• [Work item] Before returning the data, strip out the pictures and keep everything else exactly the same.

• [Records provided]
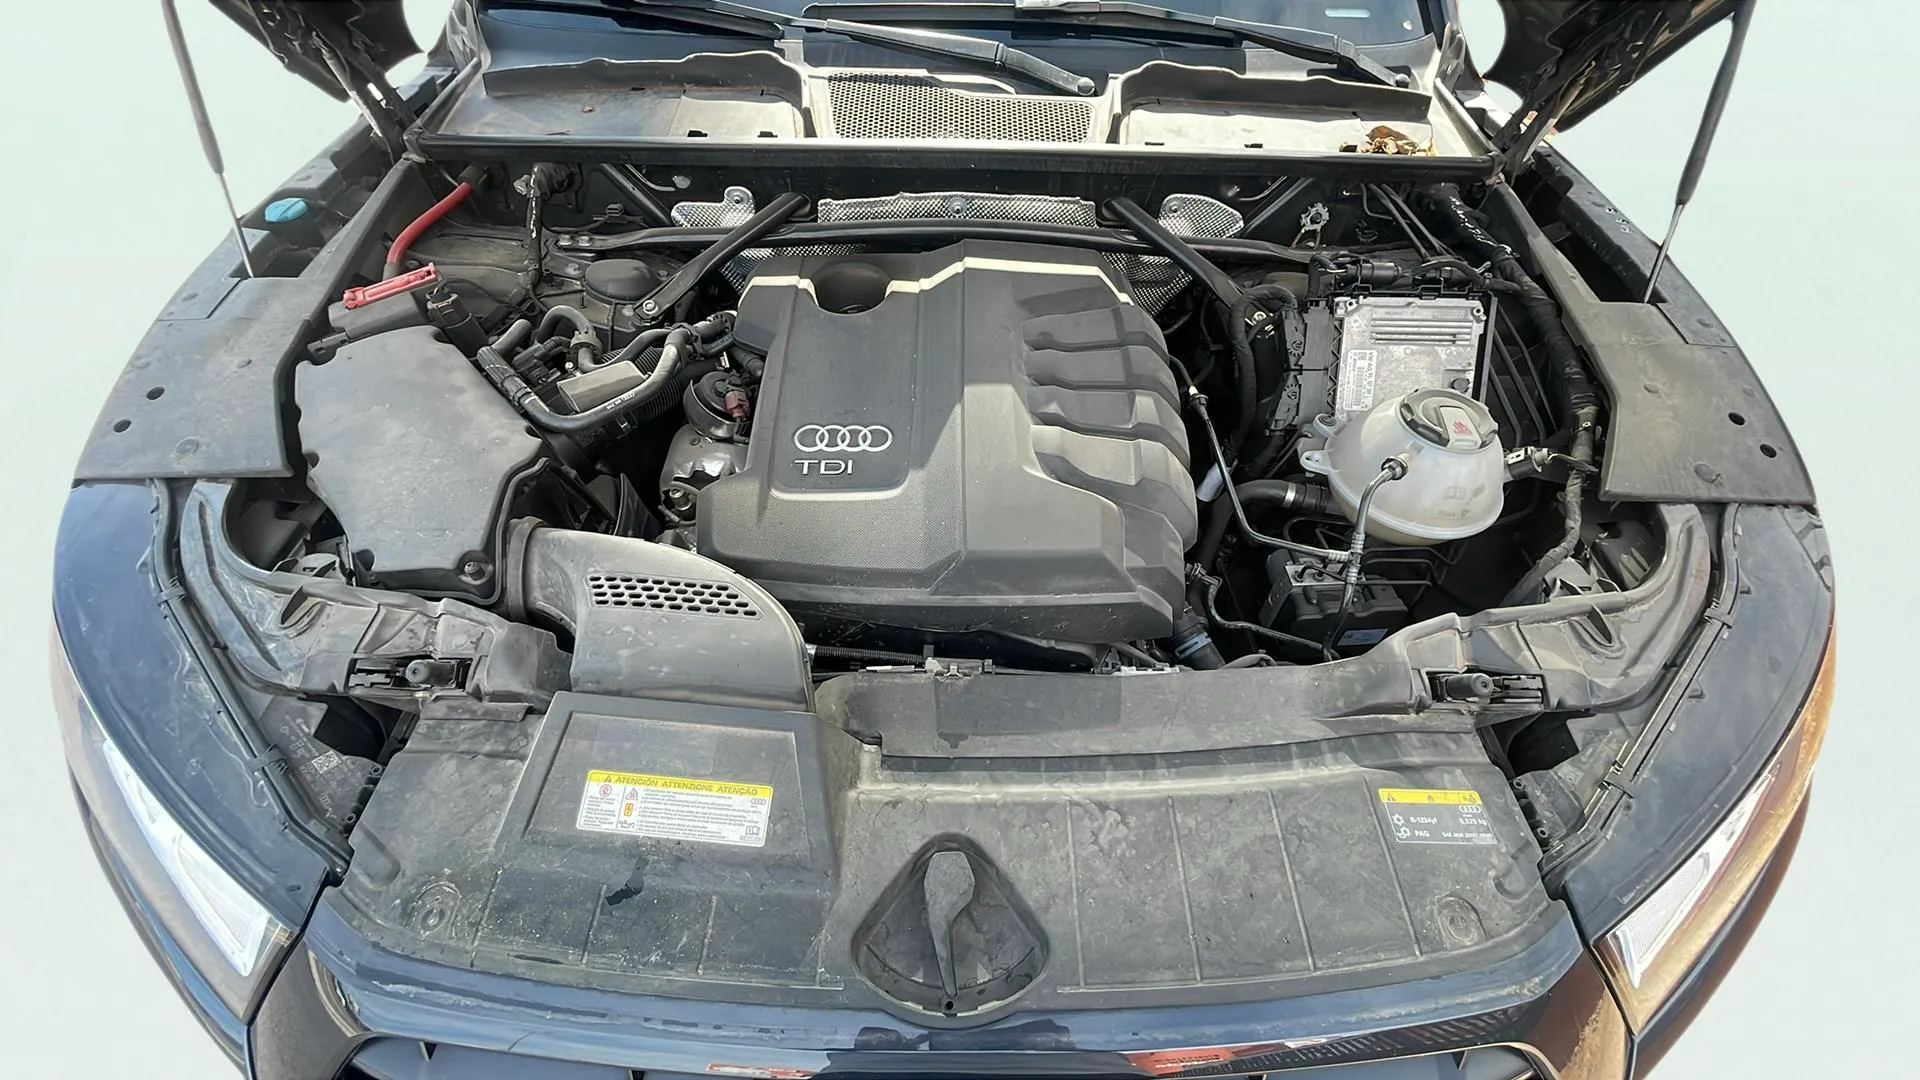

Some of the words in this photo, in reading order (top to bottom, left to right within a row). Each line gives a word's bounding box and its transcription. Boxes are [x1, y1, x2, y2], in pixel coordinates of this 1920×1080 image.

[794, 460, 853, 475] TDI
[615, 776, 658, 786] ATENCIÓN
[661, 780, 713, 792] ATTENZIONE
[716, 786, 758, 796] ATENÇÃO
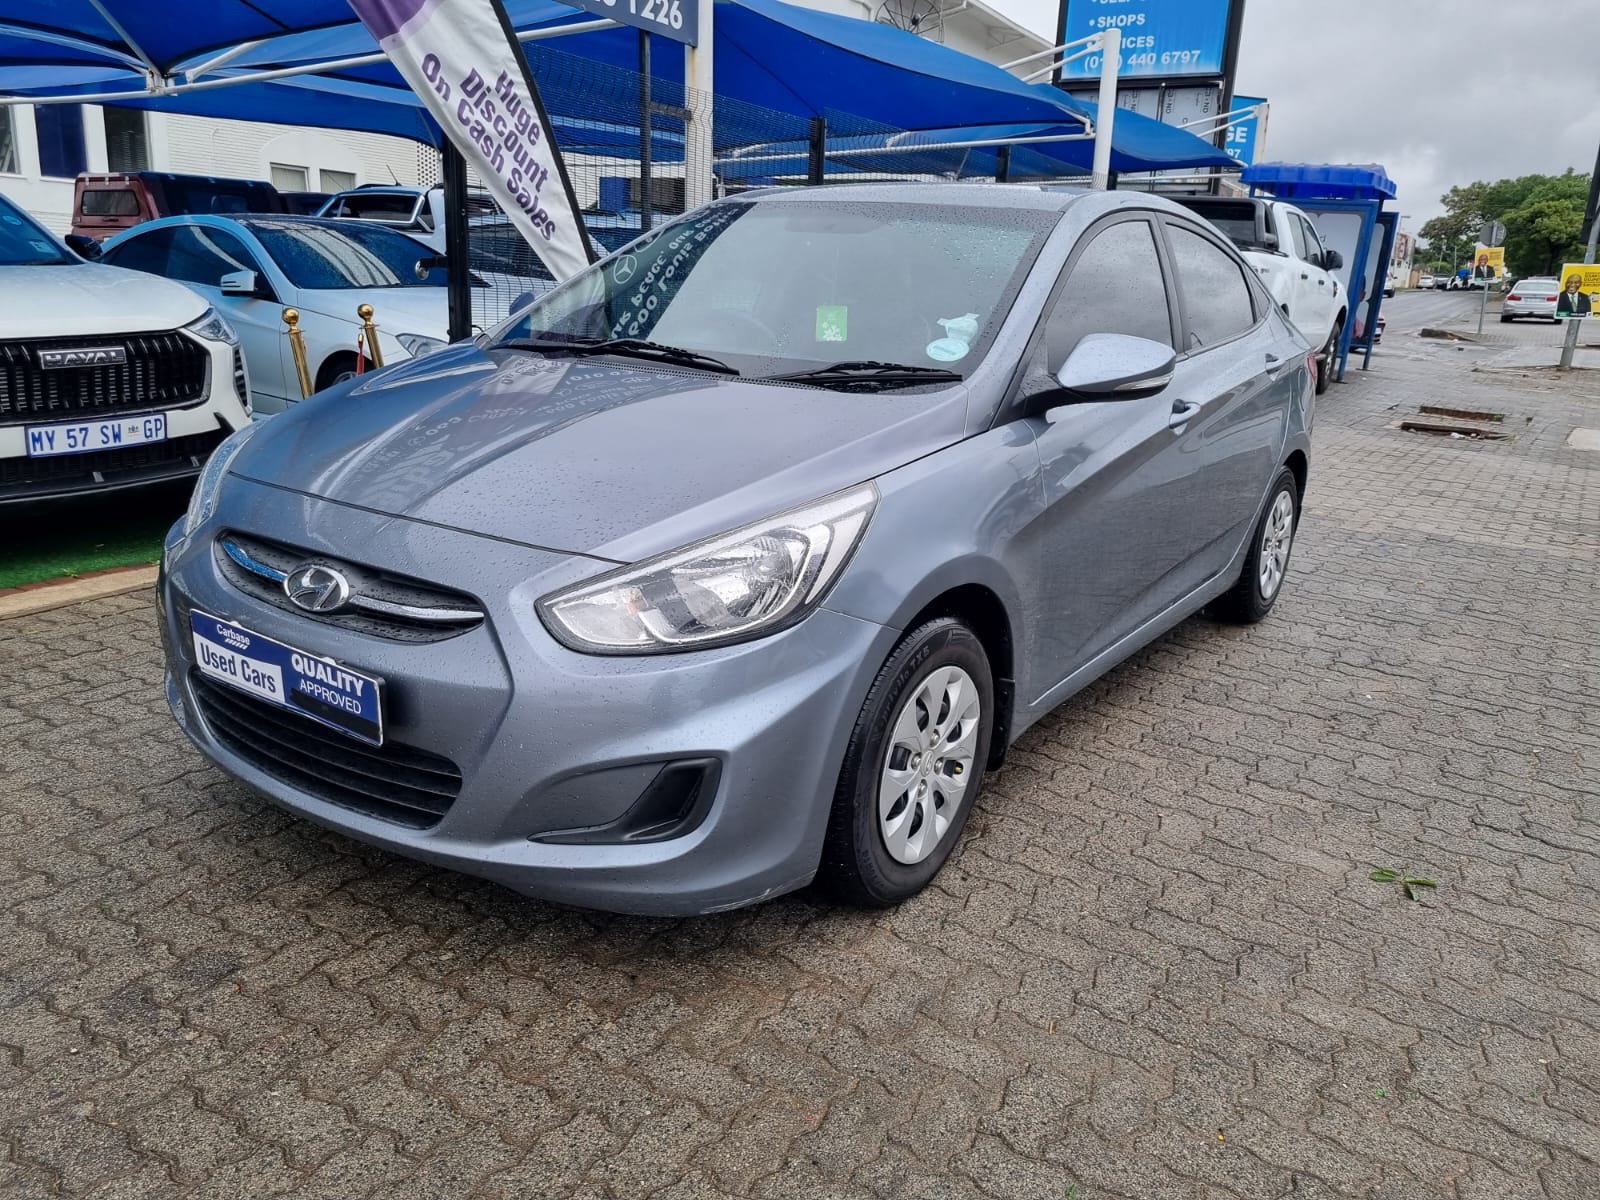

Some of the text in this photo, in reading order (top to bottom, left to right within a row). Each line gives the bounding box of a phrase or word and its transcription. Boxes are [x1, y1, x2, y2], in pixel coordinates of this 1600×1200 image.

[1096, 13, 1146, 28] SHOPS
[1121, 35, 1155, 48] ICES
[1127, 52, 1157, 66] 440
[1160, 49, 1201, 65] 6797
[495, 70, 540, 146] Huge
[422, 53, 556, 241] On Cash Sales
[460, 68, 548, 192] Discount
[45, 351, 124, 365] HAVAL
[31, 418, 163, 452] MY 57 SW GP
[216, 624, 250, 646] Carbase
[200, 643, 276, 694] Used Cars
[291, 653, 364, 697] QUALITY
[300, 679, 362, 714] APPROVED

• [Response]
Some of the words in this photo, in reading order (top to bottom, left to right within a row). Each line gives a word's bounding box and its transcription. Boxes are [x1, y1, x2, y2], in pixel coordinates of this 1920×1080 image.

[794, 460, 853, 475] TDI
[615, 776, 658, 786] ATENCIÓN
[661, 780, 713, 792] ATTENZIONE
[716, 786, 758, 796] ATENÇÃO

Some of the text in this photo, in reading order (top to bottom, left to right within a row). Each line gives the bounding box of a phrase or word and its transcription. Boxes are [x1, y1, x2, y2], in pixel coordinates of this 1600×1200 image.

[1096, 13, 1146, 28] SHOPS
[1121, 35, 1155, 48] ICES
[1127, 52, 1157, 66] 440
[1160, 49, 1201, 65] 6797
[495, 70, 540, 146] Huge
[422, 53, 556, 241] On Cash Sales
[460, 68, 548, 192] Discount
[45, 351, 124, 365] HAVAL
[31, 418, 163, 452] MY 57 SW GP
[216, 624, 250, 646] Carbase
[200, 643, 276, 694] Used Cars
[291, 653, 364, 697] QUALITY
[300, 679, 362, 714] APPROVED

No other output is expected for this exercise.